A high-severity security flaw has been discovered in the widely used WordPress plugin, Essential Addons for Elementor, putting over two million websites at risk. The vulnerability, tracked as CVE-2025-24752, is a reflected Cross-Site Scripting (XSS) issue that could allow malicious actors to inject harmful scripts into unsuspecting users’ browsers.
Essential Addons for Elementor, a popular extension bundle for the Elementor page builder, has a massive user base, making this vulnerability particularly concerning. The flaw resided in the plugin’s handling of the “popup-selector” query argument, a parameter used to trigger pop-up functionalities.
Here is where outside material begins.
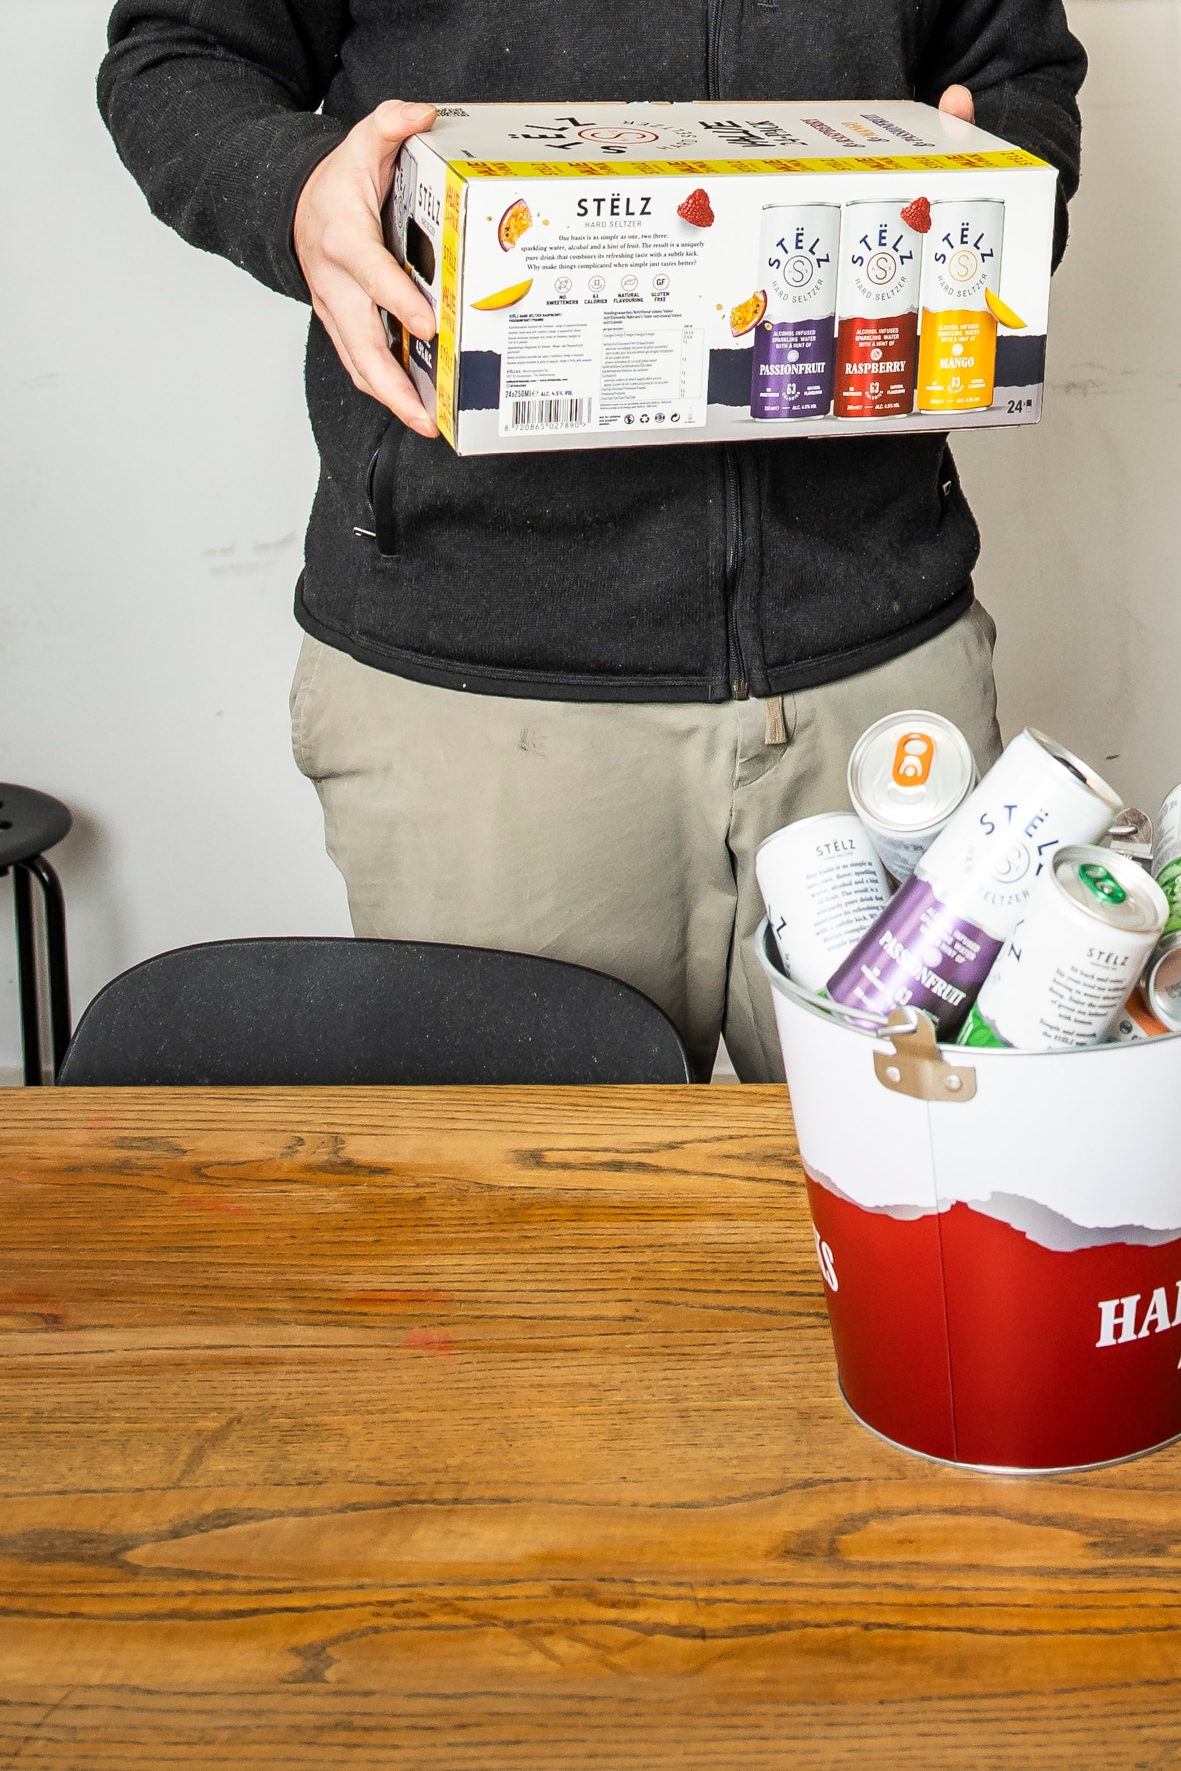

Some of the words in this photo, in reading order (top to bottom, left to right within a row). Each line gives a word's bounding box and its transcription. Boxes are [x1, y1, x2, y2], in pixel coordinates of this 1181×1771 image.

According to a detailed analysis by Patchstack, the vulnerability stemmed from insufficient validation and sanitization of this query argument. Prior to the patch, the plugin would simply replace underscore symbols with spaces and then embed the argument’s value directly into the page, without any further checks. This lack of scrutiny created an opening for attackers to inject malicious JavaScript code.
The simplicity of the attack vector is what makes this so dangerous. By simply crafting a malicious URL, an attacker could potentially steal user credentials, redirect visitors to phishing sites, or even deface entire websites.
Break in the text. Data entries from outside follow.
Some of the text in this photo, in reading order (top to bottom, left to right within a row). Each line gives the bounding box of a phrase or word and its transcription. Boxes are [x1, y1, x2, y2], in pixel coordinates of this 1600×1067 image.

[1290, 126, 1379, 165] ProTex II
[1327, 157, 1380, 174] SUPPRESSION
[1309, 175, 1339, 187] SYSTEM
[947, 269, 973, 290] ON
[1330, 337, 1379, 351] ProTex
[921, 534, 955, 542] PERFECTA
The vulnerability was located within the src/js/view/general.js file. On page load, the plugin would process the “popup-selector” argument, leaving it vulnerable to manipulation.
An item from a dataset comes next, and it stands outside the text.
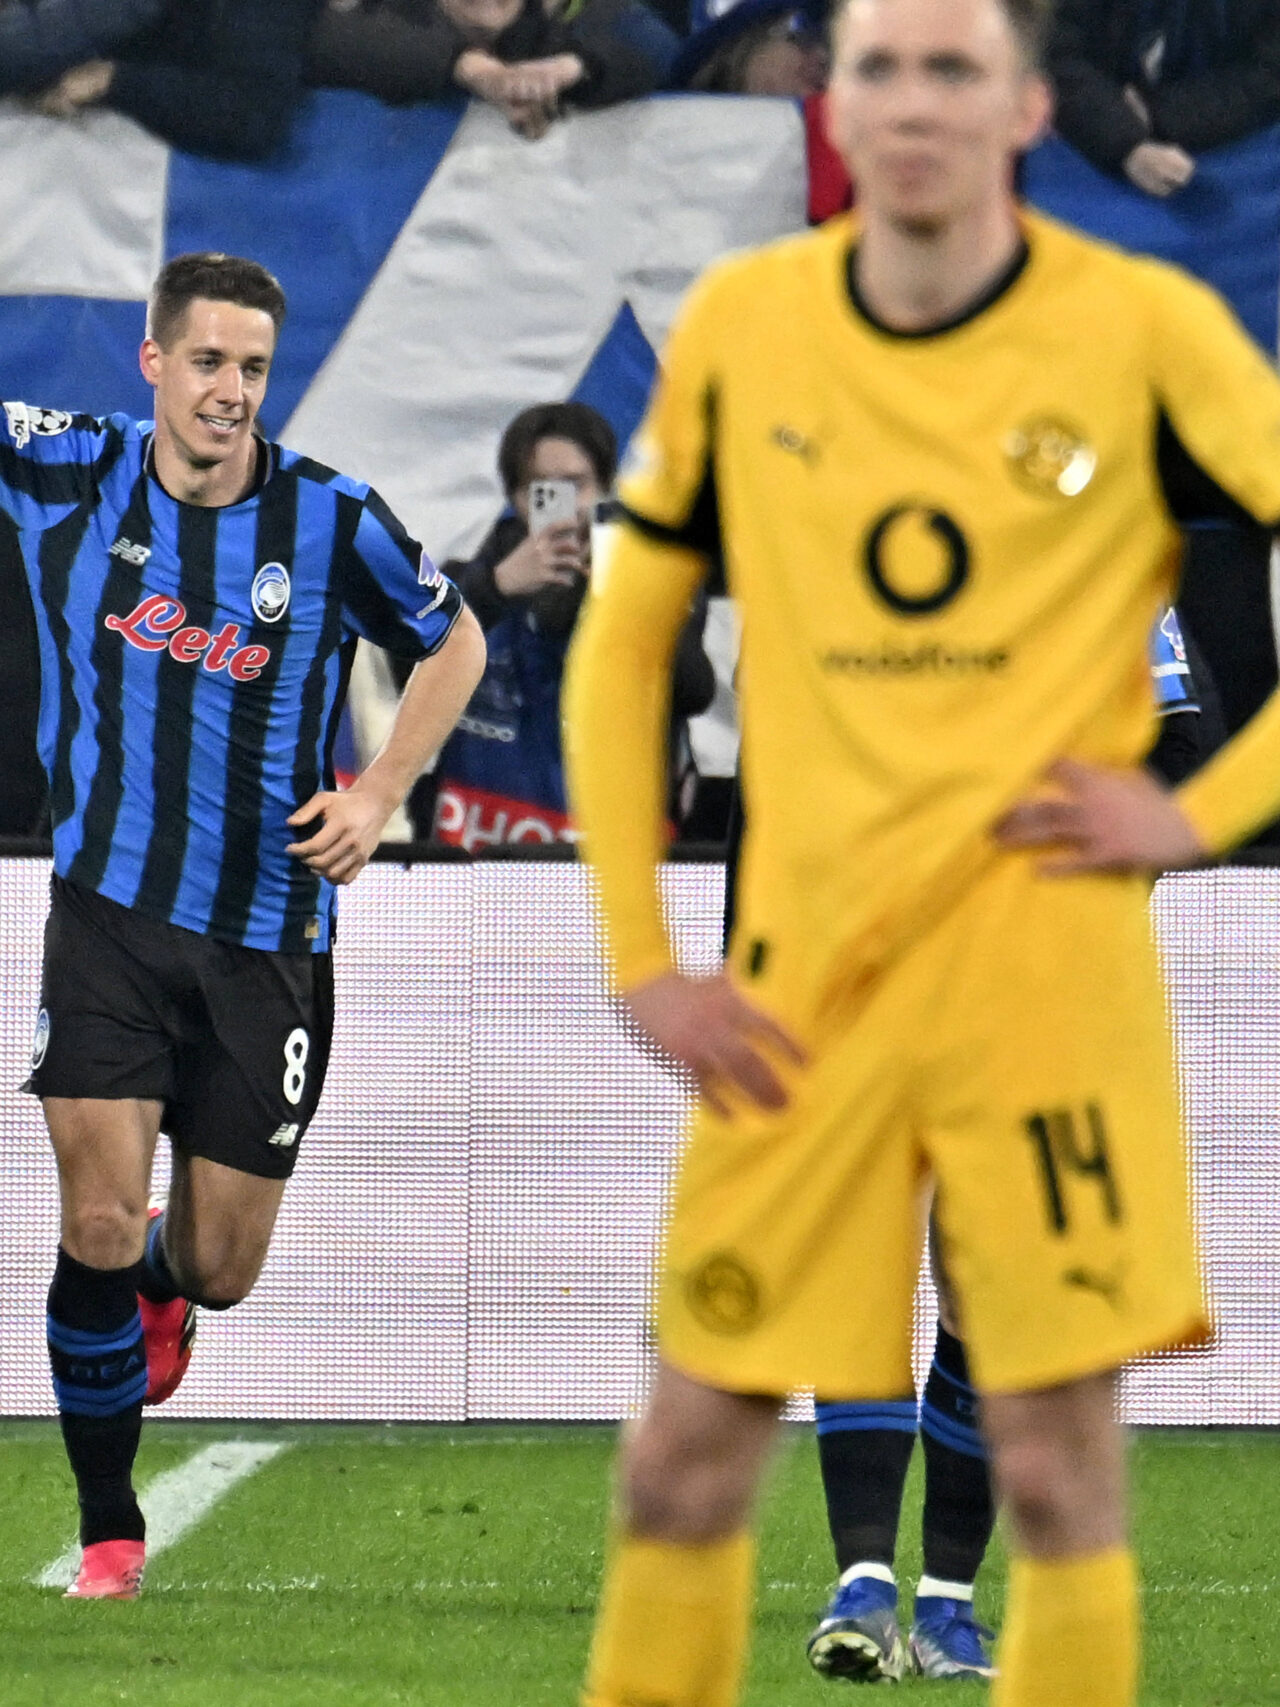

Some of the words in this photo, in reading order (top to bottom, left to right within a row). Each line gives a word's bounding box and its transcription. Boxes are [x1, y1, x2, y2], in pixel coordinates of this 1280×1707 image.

[104, 594, 270, 681] Lete
[283, 1027, 309, 1105] 8
[1024, 1098, 1124, 1235] 14
The severity of the issue is reflected in its CVSS score of 7.1, indicating a high-risk vulnerability. Fortunately, the plugin’s developers responded swiftly, releasing version 6.0.15 to address the flaw.
The patch introduces stringent validation for the “popup-selector” variable, restricting it to alphanumeric characters and a select group of safe symbols. This proactive measure effectively blocks common XSS attack methods.
We strongly urge all users of Essential Addons for Elementor to update to version 6.0.15 immediately. This update is crucial to protect your website and its users from potential attacks.